= Jon Rennard =

English singer and songwriter

Jon Rennard (1946 — 29 July 1971) was an English folksinger who recorded two record albums of traditional material as well as his own songs.

==Biography==
Born in 1946, Jon Rennard was a folksinger based in Leeds, Yorkshire. Rennard was appreciated as a singer in folk clubs. He died at the age of 24 on 29 July 1971 in a car accident in Leeds. He left a wife Pat and a son John.

==Brimbledon Fair==
Brimbledon Fair, recorded in 1970, is Jon Rennard's debut album.

Track listing:
1. "Brimbledon Fair
2. "The Eigerwand" (Rennard)
3. "I Live Not Where I Love" (traditional)
4. "Regency" (Rennard)
5. "Ballad of Joseph Myers" (Rennard)
6. "Go From My Window" (traditional)
7. "Broom Besoms"
8. "The Sheffield Apprentice"
9. "Chicken Fat"
10. "The Bailiff's Daughter of Islington" (traditional)
11. "The Old Man's Lament" (traditional)
12. "Lullaby" (Rennard)

One of the tracks on that album is "The Bailiff's Daughter of Islington", Child ballad number 105. Rennard offers traditional rendering of traditional material, deftly sung and played on an acoustic guitar.
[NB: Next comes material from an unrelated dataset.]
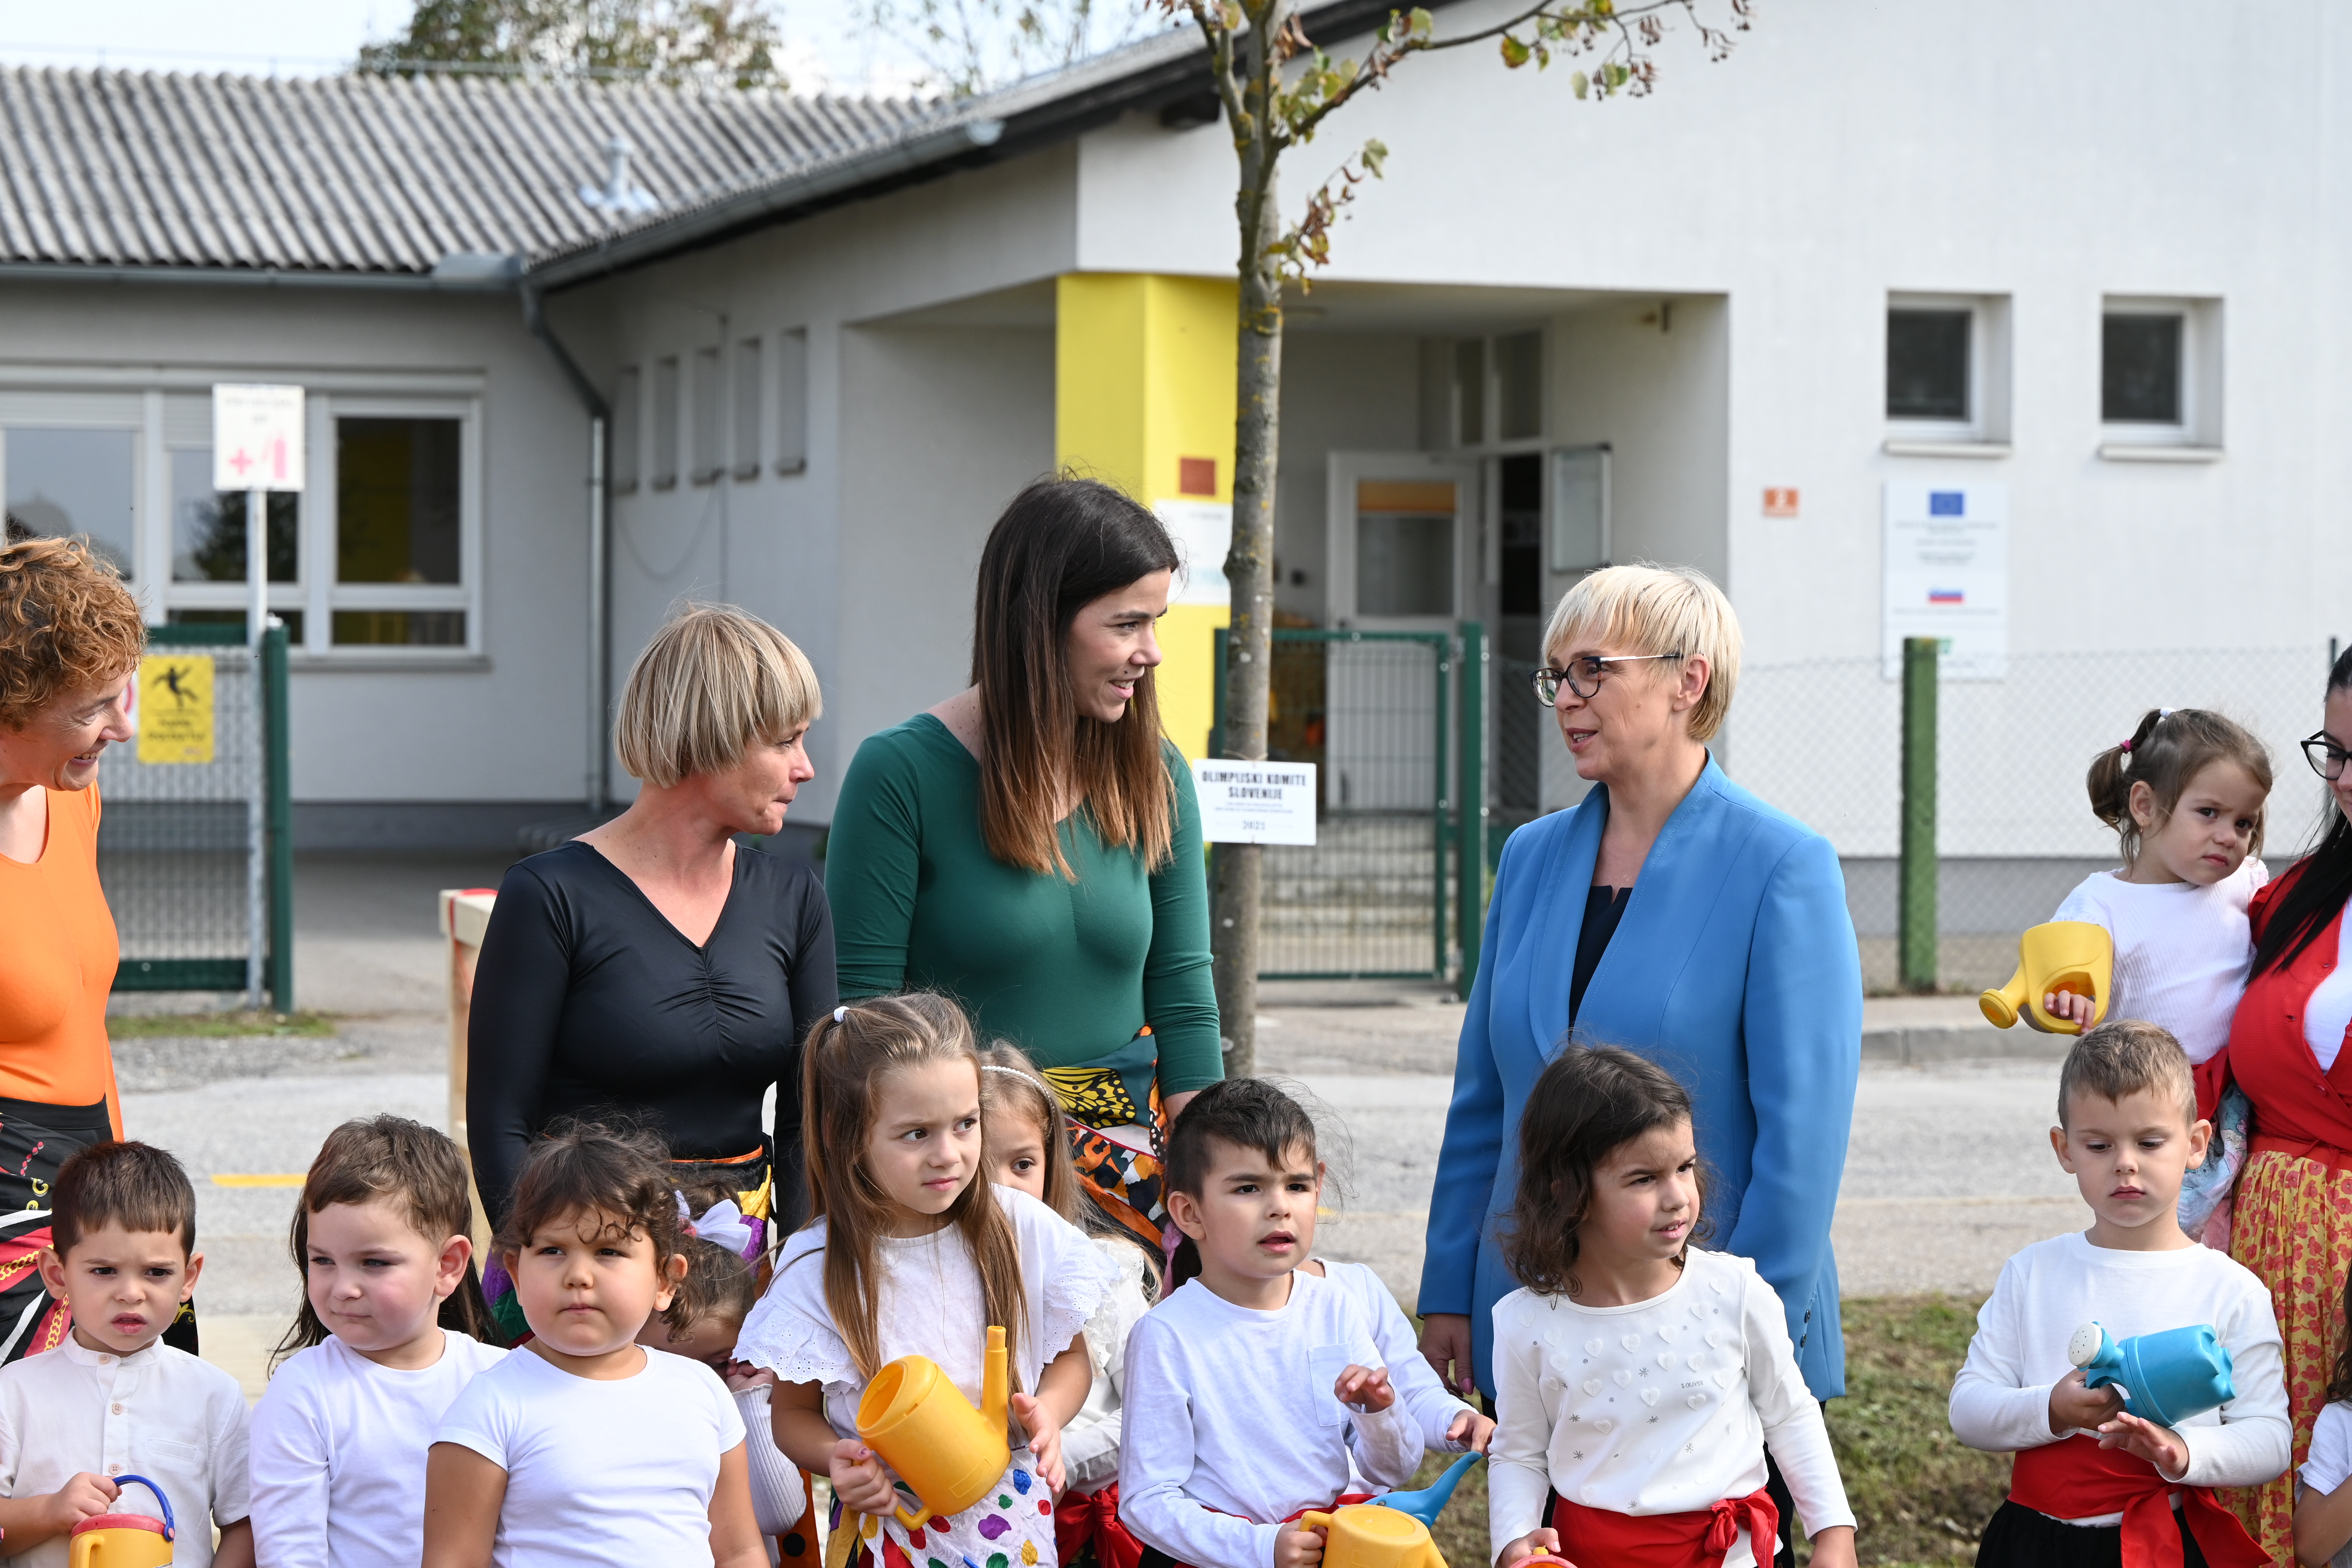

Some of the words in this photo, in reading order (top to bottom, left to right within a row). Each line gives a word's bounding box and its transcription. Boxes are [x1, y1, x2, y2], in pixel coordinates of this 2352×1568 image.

[1202, 771, 1262, 784] OLIMPIJSKI
[1266, 773, 1306, 786] KOMITE
[1229, 787, 1282, 799] SLOVENIJE
Beside the title song, other traditional songs include "Broom Besoms", "Go From My Window", "I Live Not Where I Love", and "The Sheffield Apprentice", the latter two sung unaccompanied. There is also "The Old Man's Lament", adapted by Ian Campbell from the traditional Scottish ditty, "Nicky Tams", and his own compositions: "The Ballad of Joseph Myers" about a public hanging in 1864, "The Eigerwand" about a failed attempt to climb the Eiger mountain, "Lullaby", and "Regency", the latter an instrumental piece on guitar.

==The Parting Glass==
Rennard's second album was entitled The Parting Glass, produced by Traditional Sound Recordings in Macclesfield, England, based on live recordings at the Bate Hall Folk Club in Macclesfield, in November 1970. The album appeared in 1971 after his death. Traditional songs in that album include "The Parting Glass", "Holmfirth Anthem", "Banks of Sweet Primroses", "Garners Gay", "The Captain's Apprentice", "The Female Drummer Boy", and "Follow the Plough". In addition, there is "In Your Smile", a love song of his, "Gay Sailor Jack McKoy", a satire of his, and "Jumbo the Elephant", composed by Leon Rosselson, about an animal breaking loose from bondage.

==Reissue==
Fellside Records reissued both of Rennard's albums in April 2015 as digital downloads, making them available to the public for the first time since 1971.